Once a record holder for the hottest chili pepper in the world, the Ghost pepper is a force to be reckoned with. This powerful pepper is well over 100 times hotter than the average jalapeño pepper, and can even reach up to 416 times hotter than jalapeños.
Think you can handle the heat? Keep reading to find out all you need to know about the impressive Ghost pepper!
History of the Ghost Pepper
The Ghost pepper plant is an interspecific hybrid chili pepper native to Northeastern India. It has been grown for hundreds of years and has many uses in Indian culture.
Other names for the Ghost pepper include Bhut jolokia, and Bih zôlôkia. From Assamese, these names roughly translate to “ghost chili” and “poison chili”. This pepper is also sometimes referred to as the Naga jolokia – “Naga” meaning “serpent” in Sanskrit. With names like these, there’s no doubt this pepper packs a punch!
Besides finding its way into various spicy dishes, some people use the Bhut Jolokia pepper by smearing it onto fences and walls to keep wild elephants and other unwanted guests from trespassing. This pepper is so hot, it’s even been used by the Indian army to create chili grenades that burn your eyes by releasing fumes!
From 2007 to 2011 the Ghost pepper was listed in the Guinness Book of World Records as the hottest chili pepper on earth, coming in at a whopping 1,041,427 Scoville heat units. The title was stolen by the Trinidad Scorpion Butch T pepper in 2011.
In 2013, the Carolina Reaper pepper was crowned the hottest chili pepper in the world with an impressive average of 1,641,083 Scoville heat units – and still holds the title today!
Ghost peppers average between 2.5 to 3.5 inches long and about 1 to 2 inches wide. The most common color is red, however, orange, yellow, purple, chocolate, and even white varieties exist. Baby peppers are green before ripening. The skin is wrinkled and thin and the end of the pepper typically comes down to a point.
The heat index ranges from about 855,000 to 1.041 million Scoville heat units. A surprising aspect of many extremely hot peppers is that they typically have a noticeable flavor just before the spice kicks in. These peppers are no exception – there is a sweet, fruity, and slightly smoky flavor that happens right before the heat.
Once the heat starts, Ghost peppers have a slow-burning effect that intensifies over time. The heat builds, travels to your throat, stagnates, and typically lasts for about 15 to 30 minutes.
Eating Ghost Peppers
If you can handle the heat, adding these peppers to your kitchen can actually bring a whirlwind of benefits to your diet. However, as with any hot pepper, make sure to take caution when handling Bhut Jolokia peppers. The heat is extreme, and a little goes a long way!
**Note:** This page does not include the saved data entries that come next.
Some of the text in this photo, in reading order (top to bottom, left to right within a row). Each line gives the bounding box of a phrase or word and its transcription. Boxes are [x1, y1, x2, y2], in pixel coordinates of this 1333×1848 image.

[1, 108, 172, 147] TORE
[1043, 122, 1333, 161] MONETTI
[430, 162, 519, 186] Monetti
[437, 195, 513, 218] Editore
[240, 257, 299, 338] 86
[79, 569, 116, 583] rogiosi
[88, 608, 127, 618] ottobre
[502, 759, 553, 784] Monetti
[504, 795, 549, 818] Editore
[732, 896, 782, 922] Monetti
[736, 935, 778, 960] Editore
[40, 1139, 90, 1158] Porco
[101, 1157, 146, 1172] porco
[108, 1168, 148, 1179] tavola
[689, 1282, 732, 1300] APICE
People with preexisting conditions or who aren’t used to eating spicy foods may experience an upset stomach when trying extremely hot peppers. However, eating ghost peppers is not dangerous, and there are extra steps you can take to protect yourself from high levels of capsaicin!
The elevated level of capsaicin can give you chili burn – a painful burning sensation that may occur when handling very spicy foods. Wearing gloves can eliminate direct contact and reduce the risk of chili burn.
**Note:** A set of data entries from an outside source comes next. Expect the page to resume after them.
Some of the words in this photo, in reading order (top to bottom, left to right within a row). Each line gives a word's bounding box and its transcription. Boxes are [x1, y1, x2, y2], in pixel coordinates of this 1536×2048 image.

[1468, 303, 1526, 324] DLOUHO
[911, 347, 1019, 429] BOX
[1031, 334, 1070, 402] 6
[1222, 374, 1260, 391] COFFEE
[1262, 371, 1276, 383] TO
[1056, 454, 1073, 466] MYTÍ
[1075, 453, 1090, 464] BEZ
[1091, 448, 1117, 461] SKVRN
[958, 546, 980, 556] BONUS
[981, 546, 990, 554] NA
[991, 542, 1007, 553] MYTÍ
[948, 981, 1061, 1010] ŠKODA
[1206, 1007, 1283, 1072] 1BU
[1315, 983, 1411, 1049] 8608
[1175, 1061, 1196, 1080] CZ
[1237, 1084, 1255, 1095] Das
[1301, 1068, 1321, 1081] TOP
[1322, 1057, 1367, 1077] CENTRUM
Wearing goggles and a mask can also protect you from fumes emitted into the air, which can irritate the eyes, nose, and throat.
Ghost peppers are great candidates for hot sauce, salsas, stews, Indian-inspired dishes, and they can even be dehydrated to create flavorful powders that can be used in a variety of ways.
If you need inspiration on how to include Ghost peppers in your kitchen, check out these exciting recipes that feature one of the hottest peppers on earth!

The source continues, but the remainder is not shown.